======== Data section ========

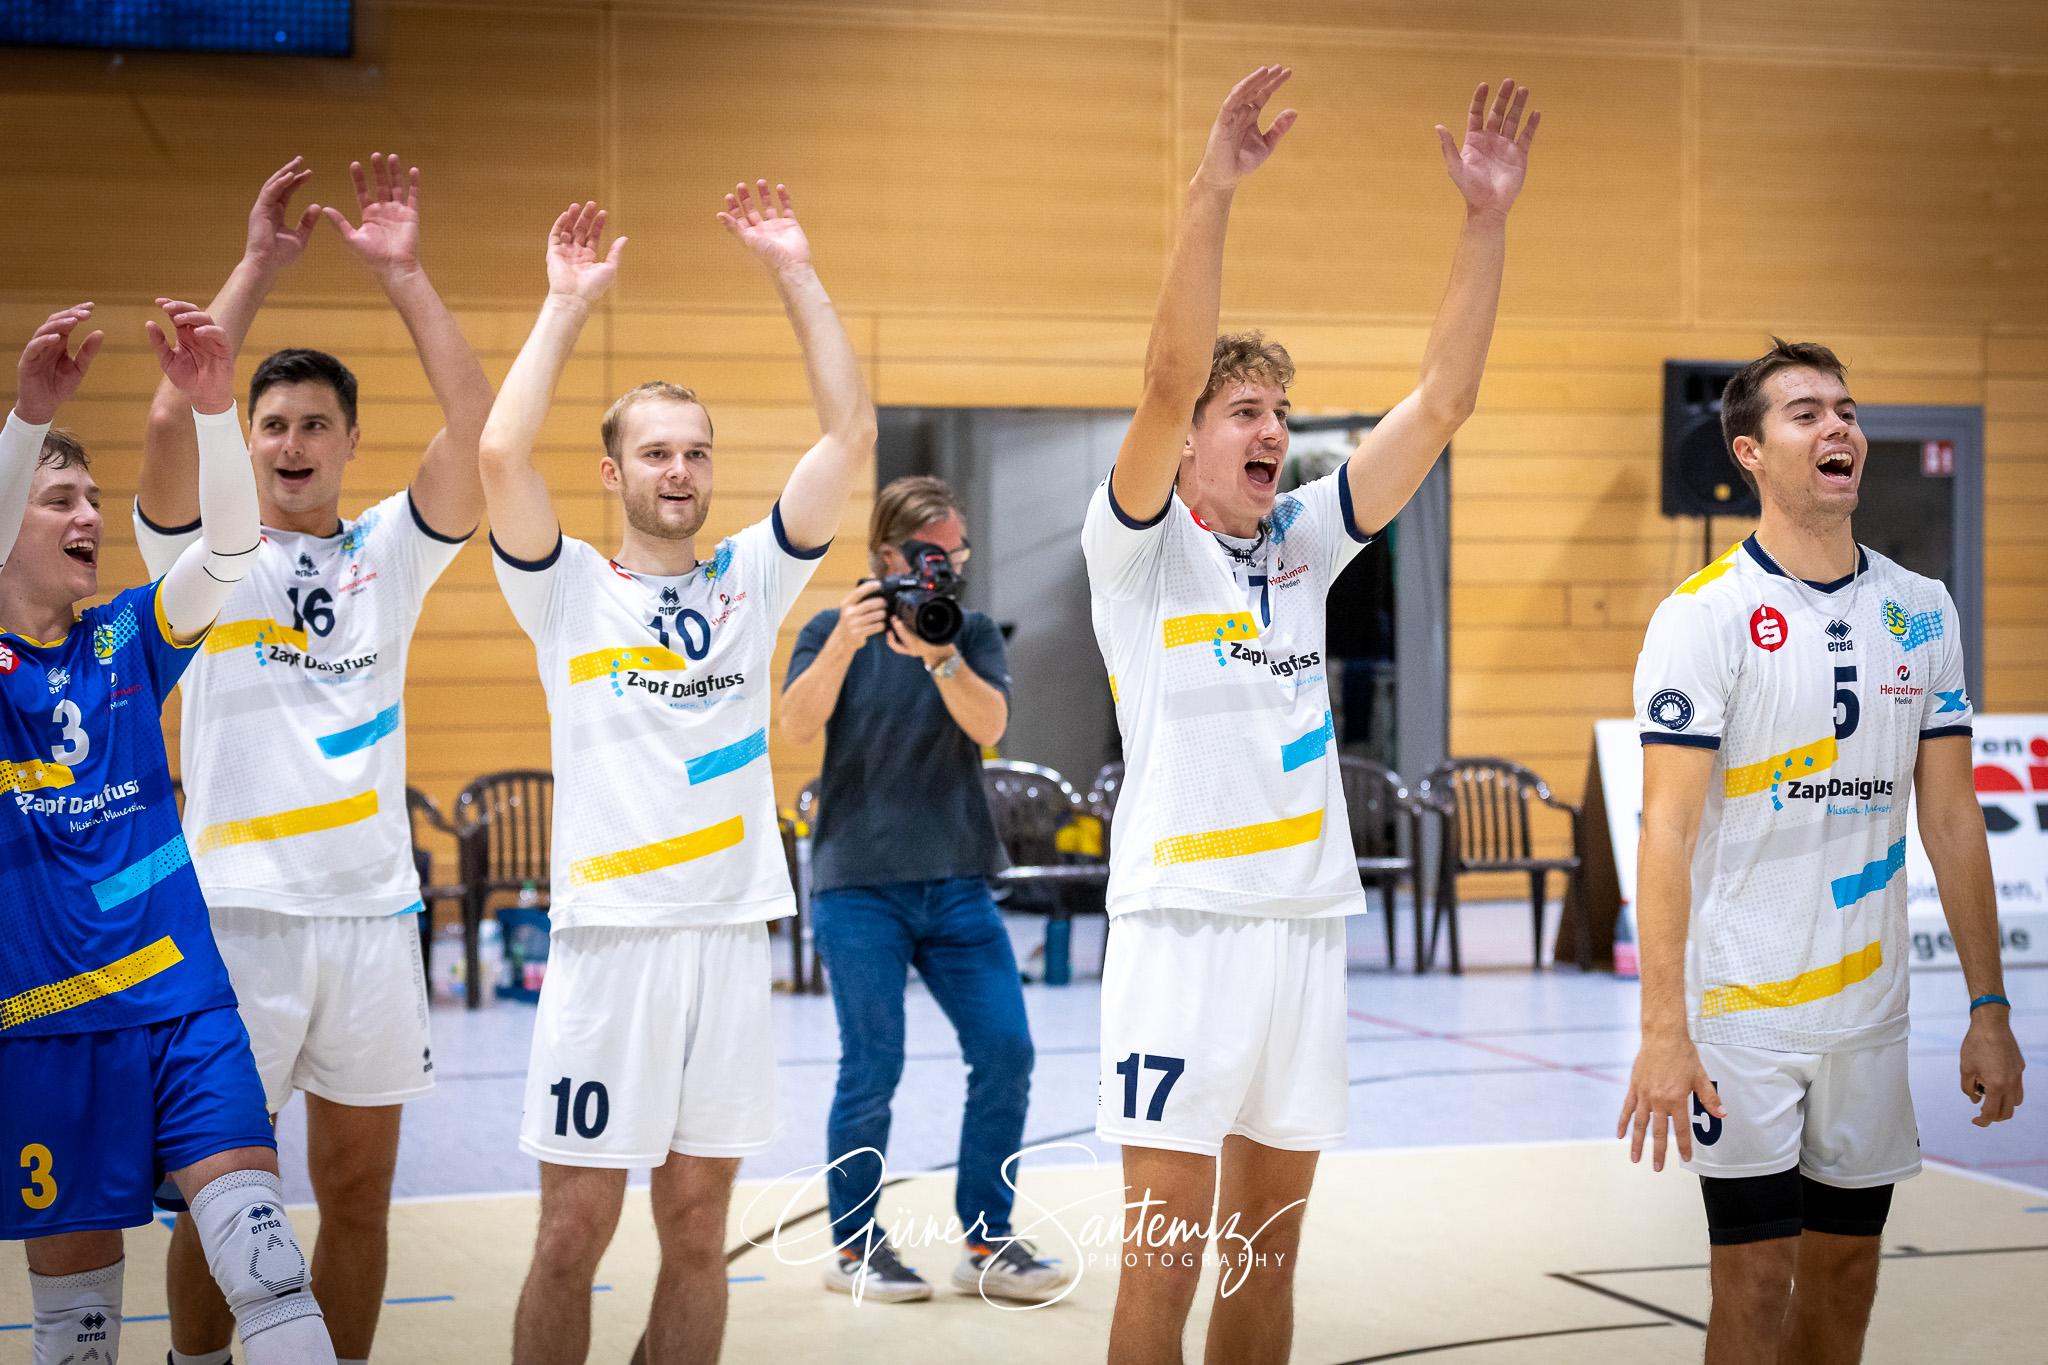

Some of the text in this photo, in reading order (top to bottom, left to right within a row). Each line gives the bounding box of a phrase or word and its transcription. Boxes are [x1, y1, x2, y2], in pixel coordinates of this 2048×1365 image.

[286, 588, 336, 637] 16
[1233, 572, 1272, 629] 7
[646, 609, 711, 660] 10
[627, 671, 745, 698] Zapf Daigfuss
[1653, 694, 1689, 712] VOLLEYBALL
[1833, 665, 1860, 741] 5
[51, 699, 90, 766] 3
[21, 793, 67, 817] Zapf
[550, 1076, 610, 1139] 10
[1116, 1052, 1186, 1122] 17
[1692, 1080, 1723, 1146] 5
[20, 1143, 58, 1209] 3
[251, 1219, 282, 1235] errea
[77, 1331, 106, 1342] errea
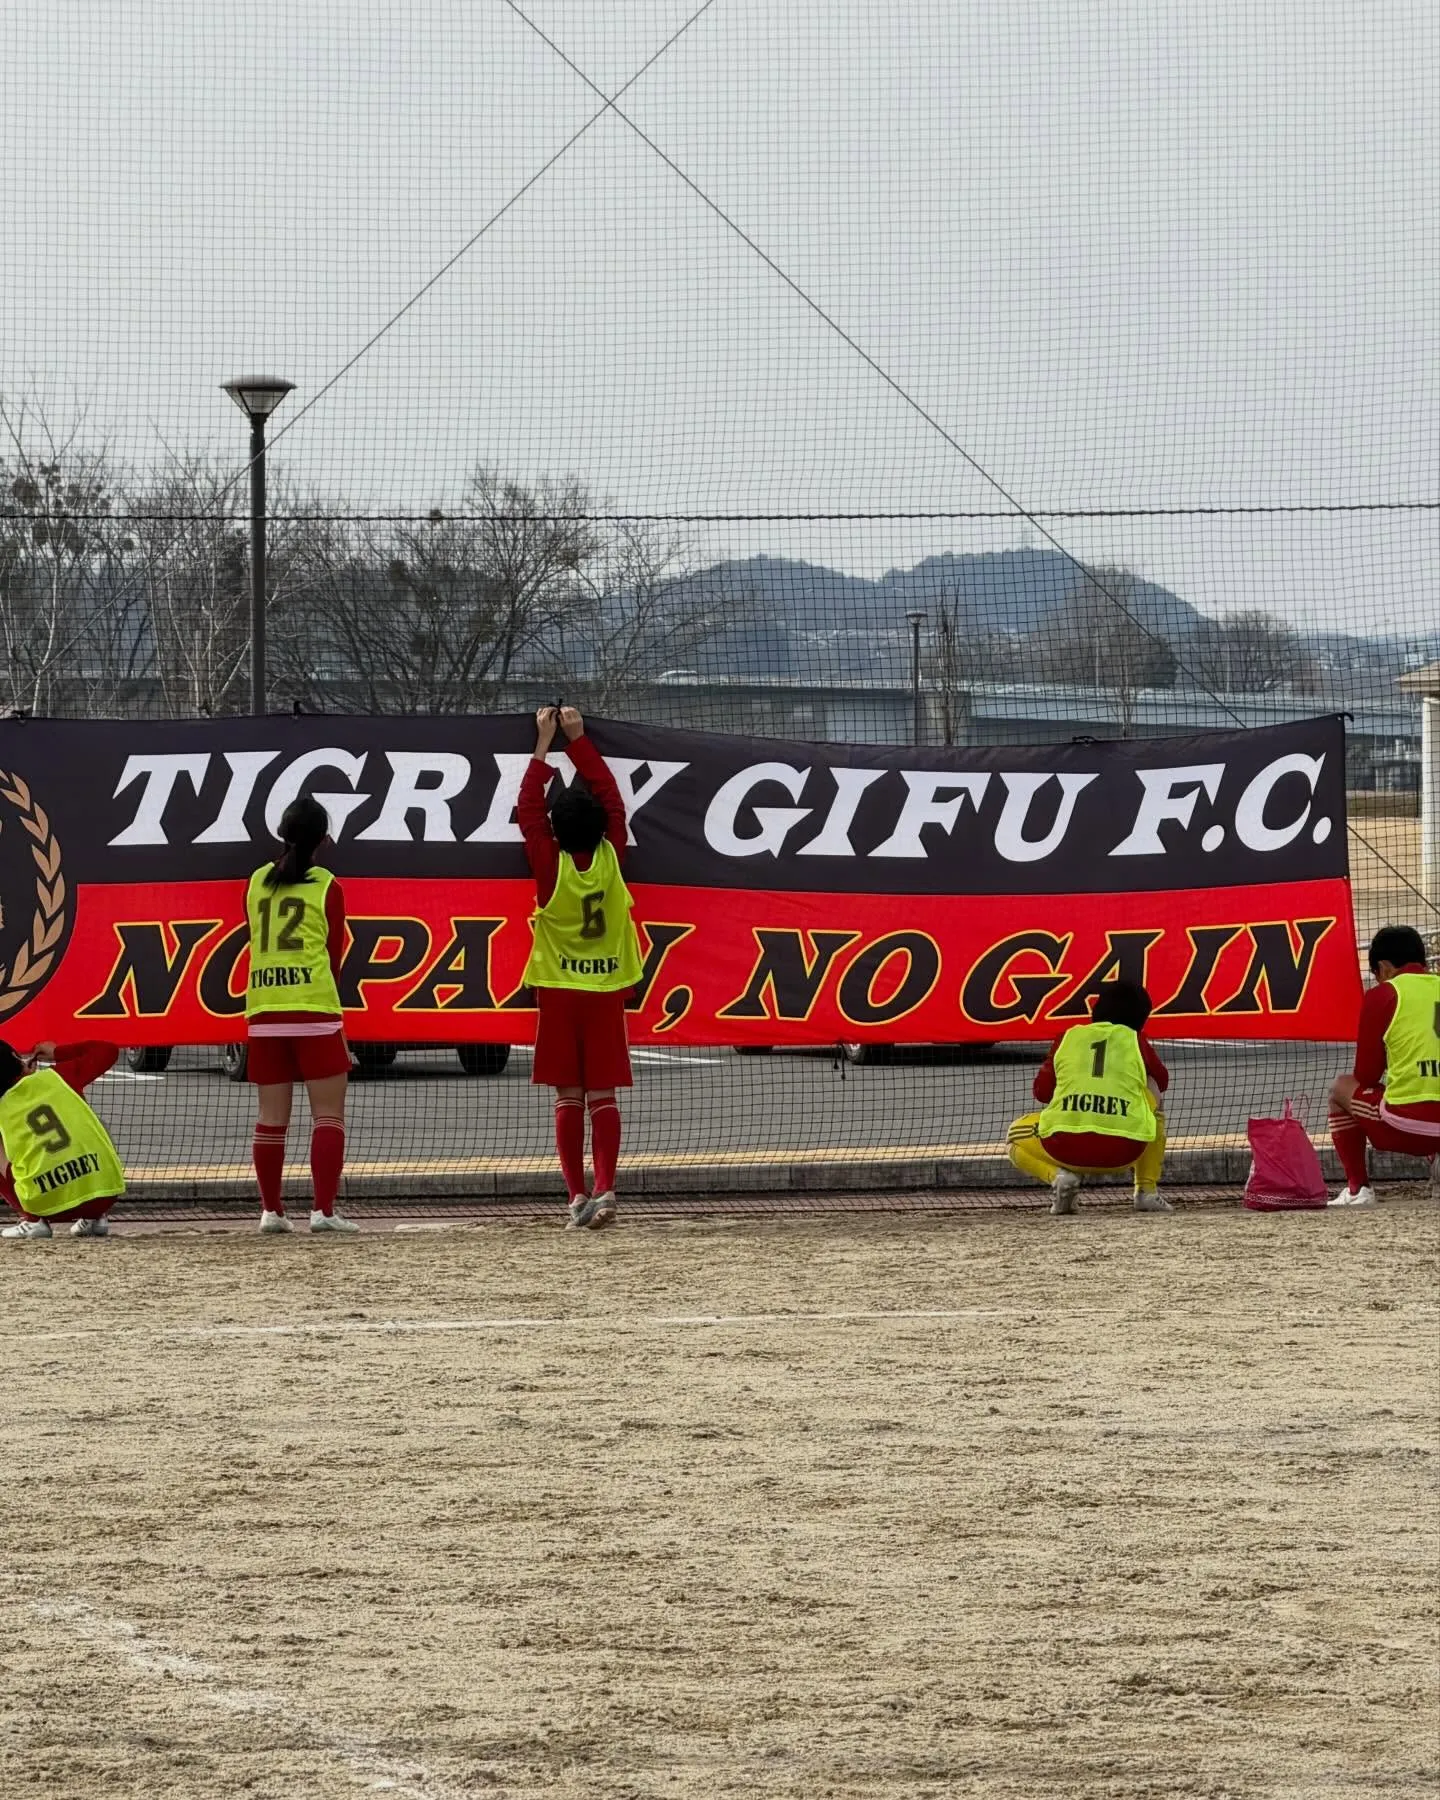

========

## Problem requirements:
Return the entries above exactly and in full; do not include images.

## Task solution:
Some of the text in this photo, in reading order (top to bottom, left to right within a row). Each line gives the bounding box of a phrase or word and its transcription. Boxes are [x1, y1, x2, y2], in pixel coordinates of this 2048×1365 image.

[286, 588, 336, 637] 16
[1233, 572, 1272, 629] 7
[646, 609, 711, 660] 10
[627, 671, 745, 698] Zapf Daigfuss
[1653, 694, 1689, 712] VOLLEYBALL
[1833, 665, 1860, 741] 5
[51, 699, 90, 766] 3
[21, 793, 67, 817] Zapf
[550, 1076, 610, 1139] 10
[1116, 1052, 1186, 1122] 17
[1692, 1080, 1723, 1146] 5
[20, 1143, 58, 1209] 3
[251, 1219, 282, 1235] errea
[77, 1331, 106, 1342] errea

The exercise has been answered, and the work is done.